Referring expression grounding data:
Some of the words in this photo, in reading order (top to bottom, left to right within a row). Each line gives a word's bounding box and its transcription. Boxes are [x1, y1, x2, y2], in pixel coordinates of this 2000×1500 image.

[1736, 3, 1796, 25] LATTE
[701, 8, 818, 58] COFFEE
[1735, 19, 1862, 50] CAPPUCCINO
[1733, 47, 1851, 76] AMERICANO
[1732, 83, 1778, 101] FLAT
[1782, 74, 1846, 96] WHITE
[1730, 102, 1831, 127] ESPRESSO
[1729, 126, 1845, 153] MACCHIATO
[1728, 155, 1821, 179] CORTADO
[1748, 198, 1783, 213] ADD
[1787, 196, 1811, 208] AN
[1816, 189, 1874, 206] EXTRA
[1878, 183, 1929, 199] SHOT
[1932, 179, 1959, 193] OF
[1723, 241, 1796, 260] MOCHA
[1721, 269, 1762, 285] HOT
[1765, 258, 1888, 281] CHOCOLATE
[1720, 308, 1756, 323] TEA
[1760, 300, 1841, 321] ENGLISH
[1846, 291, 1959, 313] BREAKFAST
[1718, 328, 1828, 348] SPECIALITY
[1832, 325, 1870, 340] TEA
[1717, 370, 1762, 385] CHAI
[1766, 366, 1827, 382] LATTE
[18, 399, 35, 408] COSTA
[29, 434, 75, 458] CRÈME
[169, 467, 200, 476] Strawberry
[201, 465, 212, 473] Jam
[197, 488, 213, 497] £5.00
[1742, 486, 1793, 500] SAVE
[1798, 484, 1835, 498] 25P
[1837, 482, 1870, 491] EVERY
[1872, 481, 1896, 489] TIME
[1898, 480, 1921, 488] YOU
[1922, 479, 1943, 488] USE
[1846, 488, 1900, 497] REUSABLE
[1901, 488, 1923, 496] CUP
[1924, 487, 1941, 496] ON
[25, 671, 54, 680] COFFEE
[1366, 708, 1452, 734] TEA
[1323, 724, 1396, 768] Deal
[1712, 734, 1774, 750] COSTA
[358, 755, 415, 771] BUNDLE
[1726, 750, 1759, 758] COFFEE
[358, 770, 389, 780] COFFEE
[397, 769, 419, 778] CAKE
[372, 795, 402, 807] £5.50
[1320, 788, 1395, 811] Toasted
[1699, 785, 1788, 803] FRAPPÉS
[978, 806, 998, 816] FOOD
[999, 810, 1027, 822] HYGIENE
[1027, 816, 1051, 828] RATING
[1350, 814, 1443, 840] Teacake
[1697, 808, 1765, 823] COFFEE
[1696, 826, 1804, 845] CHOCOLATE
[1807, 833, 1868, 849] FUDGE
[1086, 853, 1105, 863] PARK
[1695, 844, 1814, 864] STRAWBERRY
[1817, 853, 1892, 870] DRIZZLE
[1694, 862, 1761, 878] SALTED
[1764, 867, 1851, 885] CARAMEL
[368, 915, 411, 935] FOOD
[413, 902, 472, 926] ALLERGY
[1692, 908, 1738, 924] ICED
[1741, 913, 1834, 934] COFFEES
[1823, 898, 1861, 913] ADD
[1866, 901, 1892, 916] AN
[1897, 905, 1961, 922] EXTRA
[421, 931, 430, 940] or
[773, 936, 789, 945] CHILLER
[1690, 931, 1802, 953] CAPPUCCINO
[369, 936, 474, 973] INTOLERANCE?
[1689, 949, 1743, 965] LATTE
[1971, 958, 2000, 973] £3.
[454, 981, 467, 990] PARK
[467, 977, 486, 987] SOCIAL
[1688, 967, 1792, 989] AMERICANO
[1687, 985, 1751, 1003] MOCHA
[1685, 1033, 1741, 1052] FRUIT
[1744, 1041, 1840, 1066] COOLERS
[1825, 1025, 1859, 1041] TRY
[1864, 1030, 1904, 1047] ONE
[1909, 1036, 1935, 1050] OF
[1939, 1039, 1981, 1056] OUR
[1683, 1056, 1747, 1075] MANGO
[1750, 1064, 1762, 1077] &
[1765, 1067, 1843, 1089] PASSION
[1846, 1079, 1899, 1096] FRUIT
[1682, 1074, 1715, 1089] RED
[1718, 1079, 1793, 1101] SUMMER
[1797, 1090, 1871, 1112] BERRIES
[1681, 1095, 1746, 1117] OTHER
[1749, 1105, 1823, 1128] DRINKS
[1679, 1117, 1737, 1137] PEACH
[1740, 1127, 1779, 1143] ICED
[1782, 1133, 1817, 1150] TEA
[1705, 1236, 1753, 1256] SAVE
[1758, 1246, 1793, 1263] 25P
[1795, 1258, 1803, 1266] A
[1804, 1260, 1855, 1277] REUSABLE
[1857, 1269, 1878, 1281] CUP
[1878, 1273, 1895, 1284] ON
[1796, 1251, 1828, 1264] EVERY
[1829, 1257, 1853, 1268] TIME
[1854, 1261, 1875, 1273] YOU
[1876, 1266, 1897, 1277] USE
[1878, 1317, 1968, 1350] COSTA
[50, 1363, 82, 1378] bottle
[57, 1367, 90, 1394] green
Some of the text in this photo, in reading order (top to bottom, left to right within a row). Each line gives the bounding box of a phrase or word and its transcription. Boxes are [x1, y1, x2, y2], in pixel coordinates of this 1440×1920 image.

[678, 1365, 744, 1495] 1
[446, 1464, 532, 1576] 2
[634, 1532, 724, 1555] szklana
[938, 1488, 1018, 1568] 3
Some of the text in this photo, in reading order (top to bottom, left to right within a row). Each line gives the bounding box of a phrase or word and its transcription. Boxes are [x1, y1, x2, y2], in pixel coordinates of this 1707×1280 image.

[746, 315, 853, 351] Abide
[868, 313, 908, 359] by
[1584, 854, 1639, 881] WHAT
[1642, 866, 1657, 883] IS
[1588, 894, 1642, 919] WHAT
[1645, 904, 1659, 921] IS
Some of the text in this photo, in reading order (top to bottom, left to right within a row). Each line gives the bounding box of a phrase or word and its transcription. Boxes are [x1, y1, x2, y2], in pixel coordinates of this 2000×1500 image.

#### Work item:
Top to bottom, transcribe every line above exactly.

#### Exercise answer:
Some of the words in this photo, in reading order (top to bottom, left to right within a row). Each line gives a word's bounding box and its transcription. Boxes are [x1, y1, x2, y2], in pixel coordinates of this 2000×1500 image.

[1736, 3, 1796, 25] LATTE
[701, 8, 818, 58] COFFEE
[1735, 19, 1862, 50] CAPPUCCINO
[1733, 47, 1851, 76] AMERICANO
[1732, 83, 1778, 101] FLAT
[1782, 74, 1846, 96] WHITE
[1730, 102, 1831, 127] ESPRESSO
[1729, 126, 1845, 153] MACCHIATO
[1728, 155, 1821, 179] CORTADO
[1748, 198, 1783, 213] ADD
[1787, 196, 1811, 208] AN
[1816, 189, 1874, 206] EXTRA
[1878, 183, 1929, 199] SHOT
[1932, 179, 1959, 193] OF
[1723, 241, 1796, 260] MOCHA
[1721, 269, 1762, 285] HOT
[1765, 258, 1888, 281] CHOCOLATE
[1720, 308, 1756, 323] TEA
[1760, 300, 1841, 321] ENGLISH
[1846, 291, 1959, 313] BREAKFAST
[1718, 328, 1828, 348] SPECIALITY
[1832, 325, 1870, 340] TEA
[1717, 370, 1762, 385] CHAI
[1766, 366, 1827, 382] LATTE
[18, 399, 35, 408] COSTA
[29, 434, 75, 458] CRÈME
[169, 467, 200, 476] Strawberry
[201, 465, 212, 473] Jam
[197, 488, 213, 497] £5.00
[1742, 486, 1793, 500] SAVE
[1798, 484, 1835, 498] 25P
[1837, 482, 1870, 491] EVERY
[1872, 481, 1896, 489] TIME
[1898, 480, 1921, 488] YOU
[1922, 479, 1943, 488] USE
[1846, 488, 1900, 497] REUSABLE
[1901, 488, 1923, 496] CUP
[1924, 487, 1941, 496] ON
[25, 671, 54, 680] COFFEE
[1366, 708, 1452, 734] TEA
[1323, 724, 1396, 768] Deal
[1712, 734, 1774, 750] COSTA
[358, 755, 415, 771] BUNDLE
[1726, 750, 1759, 758] COFFEE
[358, 770, 389, 780] COFFEE
[397, 769, 419, 778] CAKE
[372, 795, 402, 807] £5.50
[1320, 788, 1395, 811] Toasted
[1699, 785, 1788, 803] FRAPPÉS
[978, 806, 998, 816] FOOD
[999, 810, 1027, 822] HYGIENE
[1027, 816, 1051, 828] RATING
[1350, 814, 1443, 840] Teacake
[1697, 808, 1765, 823] COFFEE
[1696, 826, 1804, 845] CHOCOLATE
[1807, 833, 1868, 849] FUDGE
[1086, 853, 1105, 863] PARK
[1695, 844, 1814, 864] STRAWBERRY
[1817, 853, 1892, 870] DRIZZLE
[1694, 862, 1761, 878] SALTED
[1764, 867, 1851, 885] CARAMEL
[368, 915, 411, 935] FOOD
[413, 902, 472, 926] ALLERGY
[1692, 908, 1738, 924] ICED
[1741, 913, 1834, 934] COFFEES
[1823, 898, 1861, 913] ADD
[1866, 901, 1892, 916] AN
[1897, 905, 1961, 922] EXTRA
[421, 931, 430, 940] or
[773, 936, 789, 945] CHILLER
[1690, 931, 1802, 953] CAPPUCCINO
[369, 936, 474, 973] INTOLERANCE?
[1689, 949, 1743, 965] LATTE
[1971, 958, 2000, 973] £3.
[454, 981, 467, 990] PARK
[467, 977, 486, 987] SOCIAL
[1688, 967, 1792, 989] AMERICANO
[1687, 985, 1751, 1003] MOCHA
[1685, 1033, 1741, 1052] FRUIT
[1744, 1041, 1840, 1066] COOLERS
[1825, 1025, 1859, 1041] TRY
[1864, 1030, 1904, 1047] ONE
[1909, 1036, 1935, 1050] OF
[1939, 1039, 1981, 1056] OUR
[1683, 1056, 1747, 1075] MANGO
[1750, 1064, 1762, 1077] &
[1765, 1067, 1843, 1089] PASSION
[1846, 1079, 1899, 1096] FRUIT
[1682, 1074, 1715, 1089] RED
[1718, 1079, 1793, 1101] SUMMER
[1797, 1090, 1871, 1112] BERRIES
[1681, 1095, 1746, 1117] OTHER
[1749, 1105, 1823, 1128] DRINKS
[1679, 1117, 1737, 1137] PEACH
[1740, 1127, 1779, 1143] ICED
[1782, 1133, 1817, 1150] TEA
[1705, 1236, 1753, 1256] SAVE
[1758, 1246, 1793, 1263] 25P
[1795, 1258, 1803, 1266] A
[1804, 1260, 1855, 1277] REUSABLE
[1857, 1269, 1878, 1281] CUP
[1878, 1273, 1895, 1284] ON
[1796, 1251, 1828, 1264] EVERY
[1829, 1257, 1853, 1268] TIME
[1854, 1261, 1875, 1273] YOU
[1876, 1266, 1897, 1277] USE
[1878, 1317, 1968, 1350] COSTA
[50, 1363, 82, 1378] bottle
[57, 1367, 90, 1394] green
Some of the text in this photo, in reading order (top to bottom, left to right within a row). Each line gives the bounding box of a phrase or word and its transcription. Boxes are [x1, y1, x2, y2], in pixel coordinates of this 1440×1920 image.

[678, 1365, 744, 1495] 1
[446, 1464, 532, 1576] 2
[634, 1532, 724, 1555] szklana
[938, 1488, 1018, 1568] 3
Some of the text in this photo, in reading order (top to bottom, left to right within a row). Each line gives the bounding box of a phrase or word and its transcription. Boxes are [x1, y1, x2, y2], in pixel coordinates of this 1707×1280 image.

[746, 315, 853, 351] Abide
[868, 313, 908, 359] by
[1584, 854, 1639, 881] WHAT
[1642, 866, 1657, 883] IS
[1588, 894, 1642, 919] WHAT
[1645, 904, 1659, 921] IS
Some of the text in this photo, in reading order (top to bottom, left to right within a row). Each line gives the bounding box of a phrase or word and its transcription. Boxes are [x1, y1, x2, y2], in pixel coordinates of this 2000×1500 image.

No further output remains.